IN 1958, 11-YEAR-OLD JIM DERKSEN was hospitalized for polio for the second time, alongside many other children who’d been caught by the epidemic. The virus caused him to lose the use of his legs when he was just six years old. It was during this hospital trip, however, that he encountered a nurse who verbally abused the young patients and also sometimes hit them. The young Derksen decided he had two choices: speak out or suffer in silence. Derksen chose to speak out; the abuse stopped. It was the moment that changed everything, he says, and when his activism began to take shape.

“I had a growing awareness for the very oppressed social role that I was being put in,” says Derksen. In a dorm room at the University of Winnipeg in the late 1960s, he once again encountered the do-something- or-stay silent choice. His roommate, who was visually impaired, was having difficulty studying. In response, Derksen decided to create a service that transcribed textbooks onto audiotape. He later expanded this idea to include students with learning disabilities, such as dyslexia. His work to better the lives of people with disabilities did not stop there.

In fact, Derksen has been an unignorable presence in the movement for self-representation of people with disabilities since the 1970s. The Manitoba League of Persons with Disabilities, the Council of Canadians with Disabilities, Disabled Peoples International, and the Canadian Disability Rights Council all have one thing in common: Jim Derksen. He is a founding member of both the Council of Canadians with Disabilities and the Canadian Disability Rights Council.

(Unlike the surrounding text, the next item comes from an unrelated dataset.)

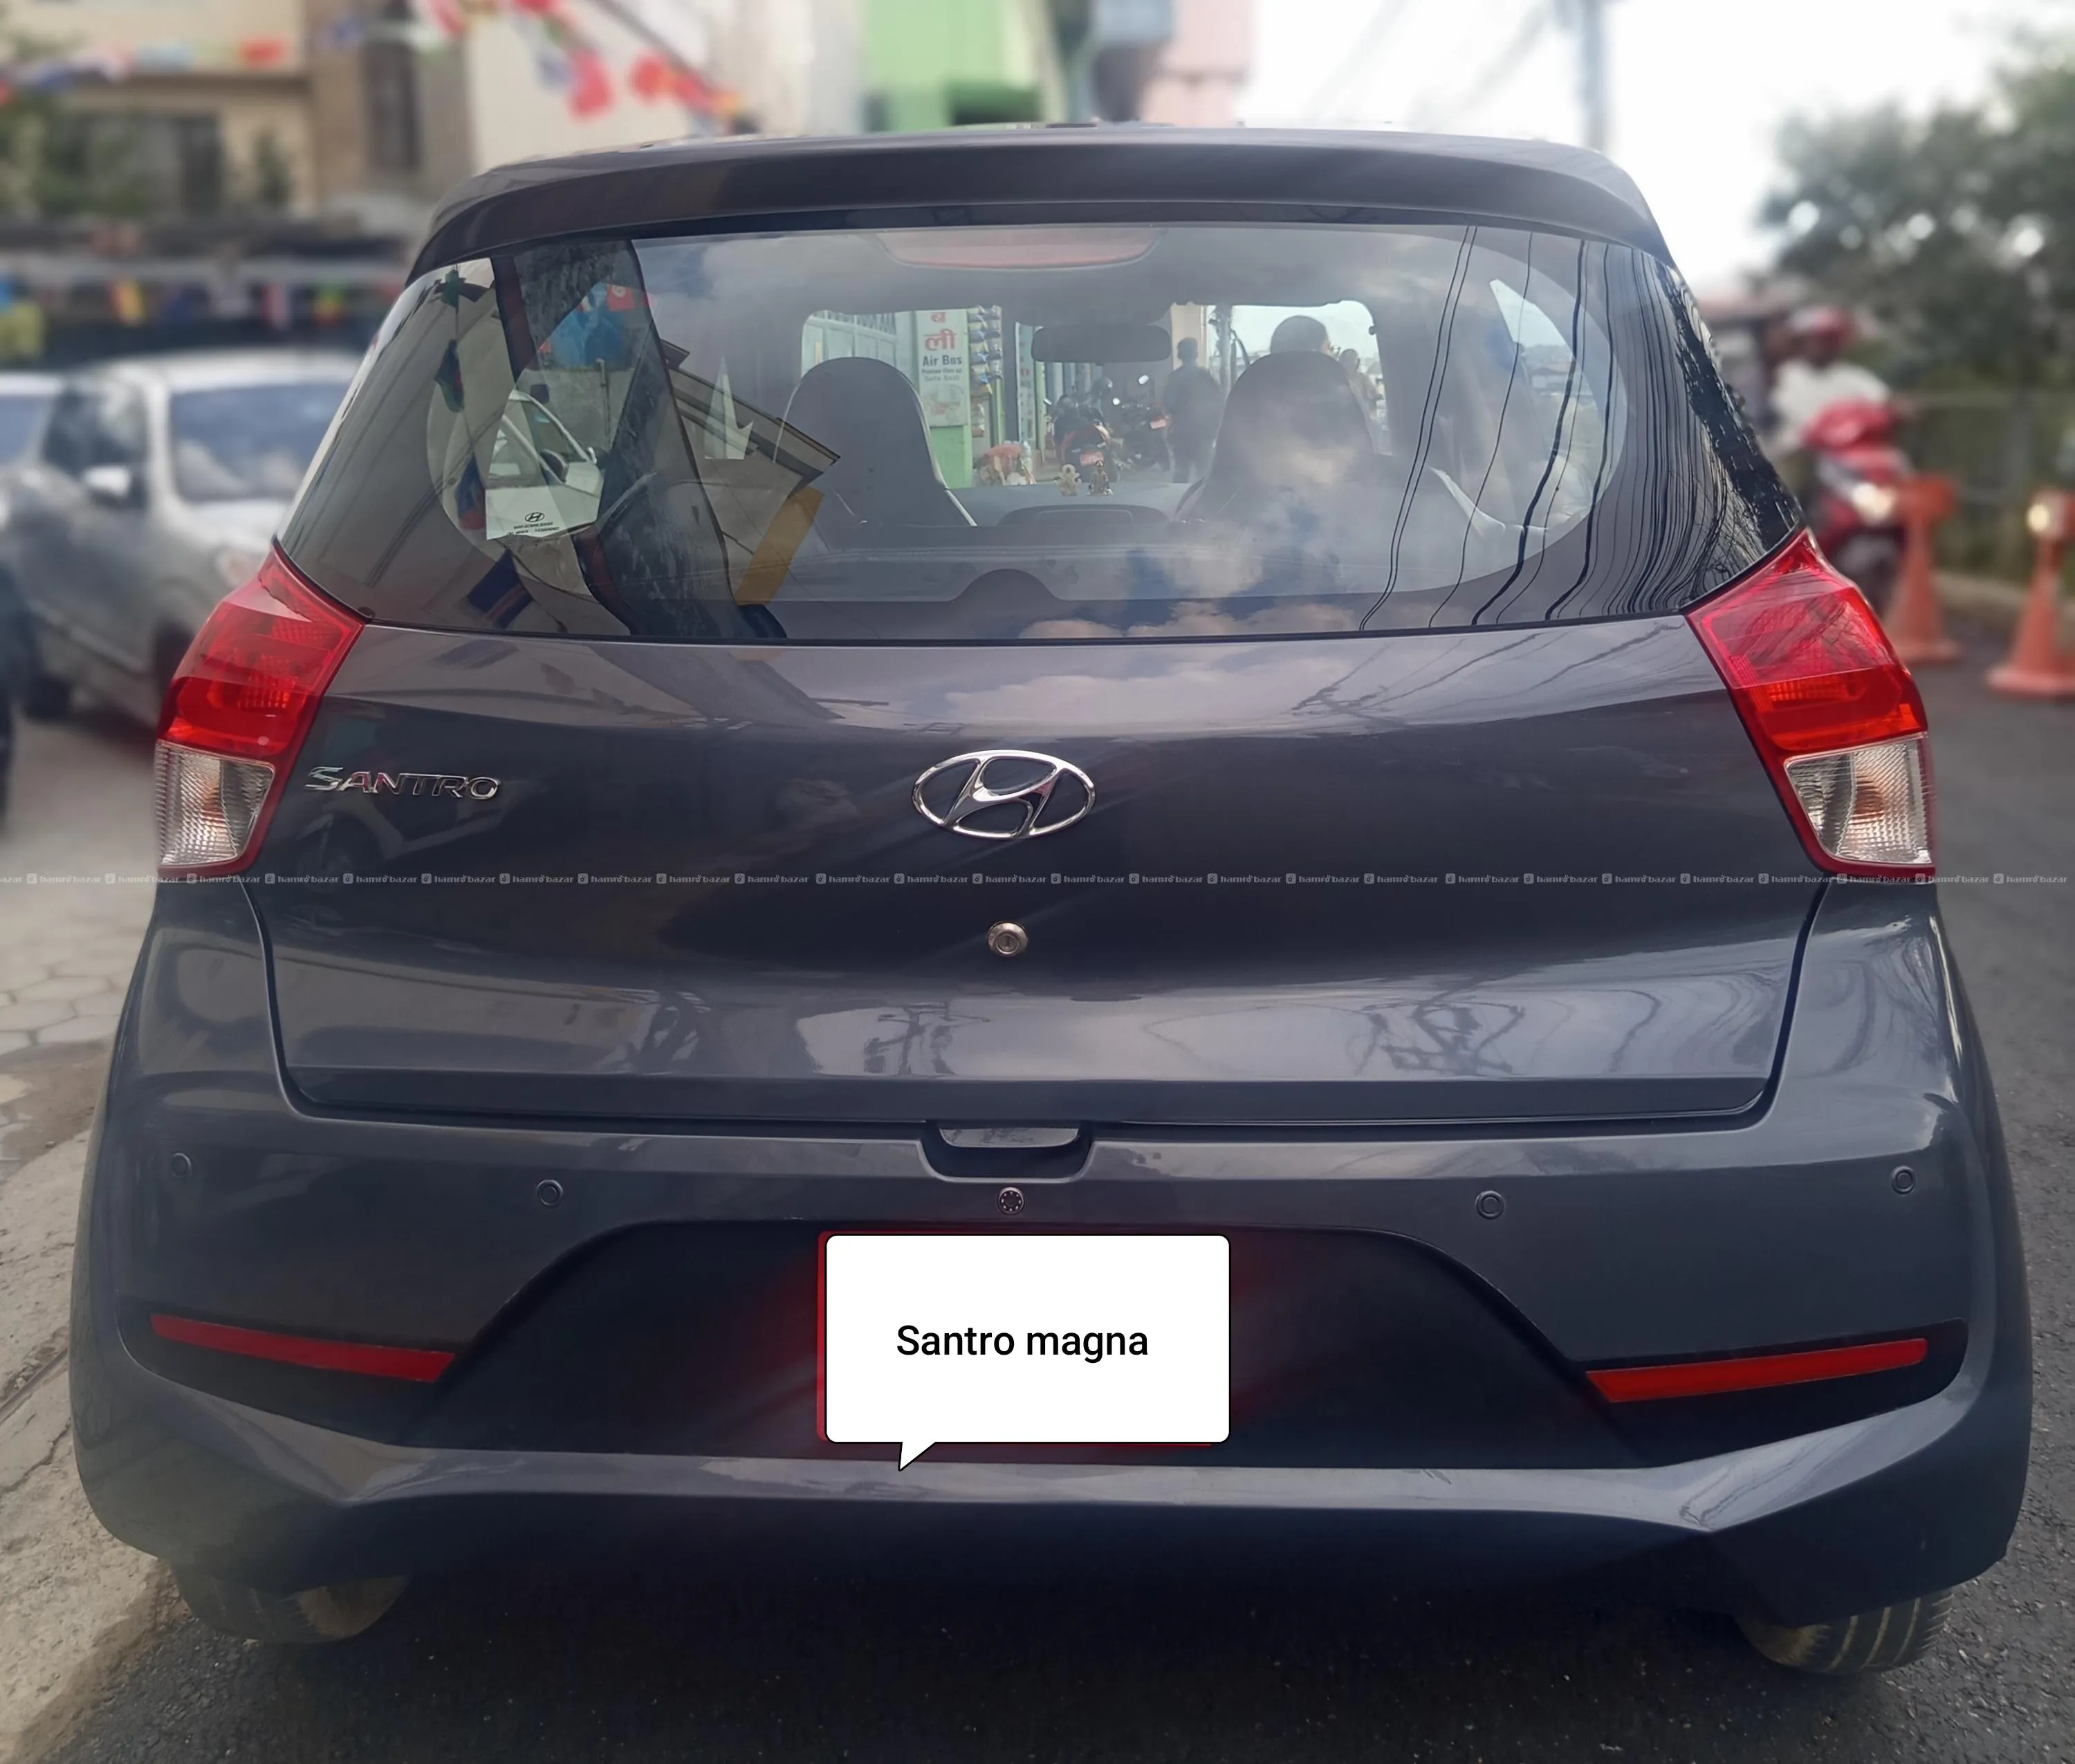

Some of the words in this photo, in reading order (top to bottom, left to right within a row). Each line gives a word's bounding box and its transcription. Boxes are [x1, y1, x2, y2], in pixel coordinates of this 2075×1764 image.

[923, 355, 939, 366] Air
[942, 355, 963, 365] Bus
[305, 766, 500, 799] SANTRO

He has also worked as a key member of The Manitoba League of Persons with Disabilities. He has helped to change government policy. The Special Parliamentary Committee on the Disabled and the Handicapped used Derksen’s knowledge to draft the 1980 “Obstacles” report, which offered new perspectives on the experiences of people with disabilities and was meant to change the Canadian government’s understanding of people with disabilities. As a part of the United Nations International Year of Disabled Persons in 1982, the UN employed him to lead and organize representatives from 40 countries across the globe to develop policy to include people with disabilities. While he chaired the Winnipeg Taxicab Board in the 1980s, he brought in metered wheelchair-accessible taxis to ensure those who use wheelchairs pay the same fare as those who don’t, making day-to-day life easier for Canadian people with disabilities. He even once followed Jean Chrétien into a washroom, back when he was Canada’s Minister of Justice, to lobby for the inclusion of physical and mental disabilities in the Canadian Charter of Rights and Freedoms. Today, you can find both in Section 15 of the Charter.

Vocal on all aspects of disability rights, Derksen is perhaps loudest on the issue of euthanasia. “Many people with disabilities have been killed in the name of mercy,” he says. Tracy Latimer, who had a severe form of cerebral palsy, was 12 years old when her father, Robert, killed her in 1993. The Latimer case is one Derksen will never forget. Robert put his daughter into his truck and pumped exhaust into the cabin until she was dead. Initially charged with first-degree murder, Robert was convicted (twice) of second-degree murder and ultimately sentenced to life in prison with no chance of parole for 10 years. The judge presiding over Latimer’s case called Tracy’s killing a “compassionate homicide,” and—overruling the minimum sentence—sentenced Robert to less than two years in jail, a decision the Supreme Court of Canada ultimately overturned. Tracy’s death opened up a conversation on what constitutes assisted suicide and how people with disabilities are often not afforded self-determination because of their undervalued place in society.

“There was an unwillingness to prosecute him because he was seen as a victim of his own daughter,” says Derksen, “in the sense that she was so cruel to be so disabled to have caused him to kill her.” Today, many people in the disabilities rights community reject assisted suicide, thanks to the Latimer case, which introduced the fear it would leave people vulnerable. “Many people don’t think our lives have any value,” says Derksen. He argues that assisted suicide in Canada is a product of the participation of people and institutions in the mainstream. He believes they are participating in injustice and adds that it leaves those with disabilities defenseless to those who do not value their lives. Still, he is hopeful for the future of people with disabilities.

Derksen sees an increasing public awareness when it comes to the unfair treatment of those with disabilities. This includes expanding the range of disabilities to address a wide spectrum, such as “invisible disabilities,” like mental health conditions. The self-representation of the autistic community is particularly optimistic, he adds. “They don’t see their autism as a disability but as a difference,” he says. Successful activism is built on a common cause, he says. “Many things become possible when you have a group of people who are impassioned about a cause.”